---------- DATA SHOWN ----------
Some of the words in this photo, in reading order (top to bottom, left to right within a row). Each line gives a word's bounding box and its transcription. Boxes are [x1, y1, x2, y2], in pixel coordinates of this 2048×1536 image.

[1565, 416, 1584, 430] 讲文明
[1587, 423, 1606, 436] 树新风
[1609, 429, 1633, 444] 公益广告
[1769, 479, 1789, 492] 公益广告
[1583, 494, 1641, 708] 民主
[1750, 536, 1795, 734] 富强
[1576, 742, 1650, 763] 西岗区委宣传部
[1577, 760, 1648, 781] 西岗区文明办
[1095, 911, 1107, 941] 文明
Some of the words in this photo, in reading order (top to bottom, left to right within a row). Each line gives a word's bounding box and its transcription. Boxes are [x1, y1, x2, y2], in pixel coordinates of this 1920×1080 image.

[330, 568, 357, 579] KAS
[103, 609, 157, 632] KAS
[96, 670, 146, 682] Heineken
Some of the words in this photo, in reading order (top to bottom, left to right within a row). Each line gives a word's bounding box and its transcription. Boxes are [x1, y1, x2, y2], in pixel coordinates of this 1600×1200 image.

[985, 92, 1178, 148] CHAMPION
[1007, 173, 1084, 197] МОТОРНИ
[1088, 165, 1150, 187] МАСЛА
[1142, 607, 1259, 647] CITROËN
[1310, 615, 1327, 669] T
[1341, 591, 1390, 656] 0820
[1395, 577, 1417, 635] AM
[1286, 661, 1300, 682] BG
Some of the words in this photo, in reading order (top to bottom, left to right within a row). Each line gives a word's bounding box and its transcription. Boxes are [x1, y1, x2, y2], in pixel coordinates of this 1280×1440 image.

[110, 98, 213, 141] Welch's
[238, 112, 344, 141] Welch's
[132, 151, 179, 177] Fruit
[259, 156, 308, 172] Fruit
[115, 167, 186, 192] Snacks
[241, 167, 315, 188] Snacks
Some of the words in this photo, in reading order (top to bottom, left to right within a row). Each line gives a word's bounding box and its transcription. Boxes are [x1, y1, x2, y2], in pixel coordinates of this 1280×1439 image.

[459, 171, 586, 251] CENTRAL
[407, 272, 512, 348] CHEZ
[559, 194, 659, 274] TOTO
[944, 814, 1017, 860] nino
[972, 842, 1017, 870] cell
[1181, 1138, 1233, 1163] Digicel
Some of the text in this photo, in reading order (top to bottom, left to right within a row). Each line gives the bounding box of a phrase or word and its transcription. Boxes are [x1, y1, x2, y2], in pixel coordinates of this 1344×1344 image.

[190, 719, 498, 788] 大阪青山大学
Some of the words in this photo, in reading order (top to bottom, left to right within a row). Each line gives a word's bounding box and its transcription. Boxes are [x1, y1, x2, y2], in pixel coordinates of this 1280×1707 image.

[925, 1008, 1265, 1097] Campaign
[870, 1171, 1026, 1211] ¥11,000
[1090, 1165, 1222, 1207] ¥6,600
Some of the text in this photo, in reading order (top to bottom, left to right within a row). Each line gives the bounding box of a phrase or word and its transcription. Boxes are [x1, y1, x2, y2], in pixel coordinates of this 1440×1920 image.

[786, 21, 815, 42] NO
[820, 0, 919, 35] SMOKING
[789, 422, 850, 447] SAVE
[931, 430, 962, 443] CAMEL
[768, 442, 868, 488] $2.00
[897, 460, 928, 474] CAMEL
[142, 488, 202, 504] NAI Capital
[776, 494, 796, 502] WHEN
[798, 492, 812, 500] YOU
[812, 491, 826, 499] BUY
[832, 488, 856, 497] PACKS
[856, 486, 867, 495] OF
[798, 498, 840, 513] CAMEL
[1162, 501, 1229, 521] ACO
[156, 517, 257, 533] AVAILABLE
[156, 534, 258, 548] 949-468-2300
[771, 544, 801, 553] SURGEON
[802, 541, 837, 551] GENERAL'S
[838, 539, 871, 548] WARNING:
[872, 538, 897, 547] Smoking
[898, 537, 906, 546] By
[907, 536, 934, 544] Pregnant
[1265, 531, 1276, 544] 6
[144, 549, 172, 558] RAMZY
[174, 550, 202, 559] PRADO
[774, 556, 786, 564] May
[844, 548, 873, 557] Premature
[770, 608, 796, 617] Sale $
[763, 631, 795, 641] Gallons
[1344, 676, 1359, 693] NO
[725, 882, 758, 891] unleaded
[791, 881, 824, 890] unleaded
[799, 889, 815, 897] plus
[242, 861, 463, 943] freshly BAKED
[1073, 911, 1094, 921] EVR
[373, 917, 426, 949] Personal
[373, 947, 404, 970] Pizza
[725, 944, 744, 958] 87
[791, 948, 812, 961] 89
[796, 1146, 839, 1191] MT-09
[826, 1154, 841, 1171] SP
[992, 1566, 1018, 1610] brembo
----------
** WHAT YOU HAVE TO DO **
Going line by line, copy the data above exactly.

** PROBLEM SOLUTION **
Some of the words in this photo, in reading order (top to bottom, left to right within a row). Each line gives a word's bounding box and its transcription. Boxes are [x1, y1, x2, y2], in pixel coordinates of this 2048×1536 image.

[1565, 416, 1584, 430] 讲文明
[1587, 423, 1606, 436] 树新风
[1609, 429, 1633, 444] 公益广告
[1769, 479, 1789, 492] 公益广告
[1583, 494, 1641, 708] 民主
[1750, 536, 1795, 734] 富强
[1576, 742, 1650, 763] 西岗区委宣传部
[1577, 760, 1648, 781] 西岗区文明办
[1095, 911, 1107, 941] 文明
Some of the words in this photo, in reading order (top to bottom, left to right within a row). Each line gives a word's bounding box and its transcription. Boxes are [x1, y1, x2, y2], in pixel coordinates of this 1920×1080 image.

[330, 568, 357, 579] KAS
[103, 609, 157, 632] KAS
[96, 670, 146, 682] Heineken
Some of the words in this photo, in reading order (top to bottom, left to right within a row). Each line gives a word's bounding box and its transcription. Boxes are [x1, y1, x2, y2], in pixel coordinates of this 1600×1200 image.

[985, 92, 1178, 148] CHAMPION
[1007, 173, 1084, 197] МОТОРНИ
[1088, 165, 1150, 187] МАСЛА
[1142, 607, 1259, 647] CITROËN
[1310, 615, 1327, 669] T
[1341, 591, 1390, 656] 0820
[1395, 577, 1417, 635] AM
[1286, 661, 1300, 682] BG
Some of the words in this photo, in reading order (top to bottom, left to right within a row). Each line gives a word's bounding box and its transcription. Boxes are [x1, y1, x2, y2], in pixel coordinates of this 1280×1440 image.

[110, 98, 213, 141] Welch's
[238, 112, 344, 141] Welch's
[132, 151, 179, 177] Fruit
[259, 156, 308, 172] Fruit
[115, 167, 186, 192] Snacks
[241, 167, 315, 188] Snacks
Some of the words in this photo, in reading order (top to bottom, left to right within a row). Each line gives a word's bounding box and its transcription. Boxes are [x1, y1, x2, y2], in pixel coordinates of this 1280×1439 image.

[459, 171, 586, 251] CENTRAL
[407, 272, 512, 348] CHEZ
[559, 194, 659, 274] TOTO
[944, 814, 1017, 860] nino
[972, 842, 1017, 870] cell
[1181, 1138, 1233, 1163] Digicel
Some of the text in this photo, in reading order (top to bottom, left to right within a row). Each line gives the bounding box of a phrase or word and its transcription. Boxes are [x1, y1, x2, y2], in pixel coordinates of this 1344×1344 image.

[190, 719, 498, 788] 大阪青山大学
Some of the words in this photo, in reading order (top to bottom, left to right within a row). Each line gives a word's bounding box and its transcription. Boxes are [x1, y1, x2, y2], in pixel coordinates of this 1280×1707 image.

[925, 1008, 1265, 1097] Campaign
[870, 1171, 1026, 1211] ¥11,000
[1090, 1165, 1222, 1207] ¥6,600
Some of the text in this photo, in reading order (top to bottom, left to right within a row). Each line gives the bounding box of a phrase or word and its transcription. Boxes are [x1, y1, x2, y2], in pixel coordinates of this 1440×1920 image.

[786, 21, 815, 42] NO
[820, 0, 919, 35] SMOKING
[789, 422, 850, 447] SAVE
[931, 430, 962, 443] CAMEL
[768, 442, 868, 488] $2.00
[897, 460, 928, 474] CAMEL
[142, 488, 202, 504] NAI Capital
[776, 494, 796, 502] WHEN
[798, 492, 812, 500] YOU
[812, 491, 826, 499] BUY
[832, 488, 856, 497] PACKS
[856, 486, 867, 495] OF
[798, 498, 840, 513] CAMEL
[1162, 501, 1229, 521] ACO
[156, 517, 257, 533] AVAILABLE
[156, 534, 258, 548] 949-468-2300
[771, 544, 801, 553] SURGEON
[802, 541, 837, 551] GENERAL'S
[838, 539, 871, 548] WARNING:
[872, 538, 897, 547] Smoking
[898, 537, 906, 546] By
[907, 536, 934, 544] Pregnant
[1265, 531, 1276, 544] 6
[144, 549, 172, 558] RAMZY
[174, 550, 202, 559] PRADO
[774, 556, 786, 564] May
[844, 548, 873, 557] Premature
[770, 608, 796, 617] Sale $
[763, 631, 795, 641] Gallons
[1344, 676, 1359, 693] NO
[725, 882, 758, 891] unleaded
[791, 881, 824, 890] unleaded
[799, 889, 815, 897] plus
[242, 861, 463, 943] freshly BAKED
[1073, 911, 1094, 921] EVR
[373, 917, 426, 949] Personal
[373, 947, 404, 970] Pizza
[725, 944, 744, 958] 87
[791, 948, 812, 961] 89
[796, 1146, 839, 1191] MT-09
[826, 1154, 841, 1171] SP
[992, 1566, 1018, 1610] brembo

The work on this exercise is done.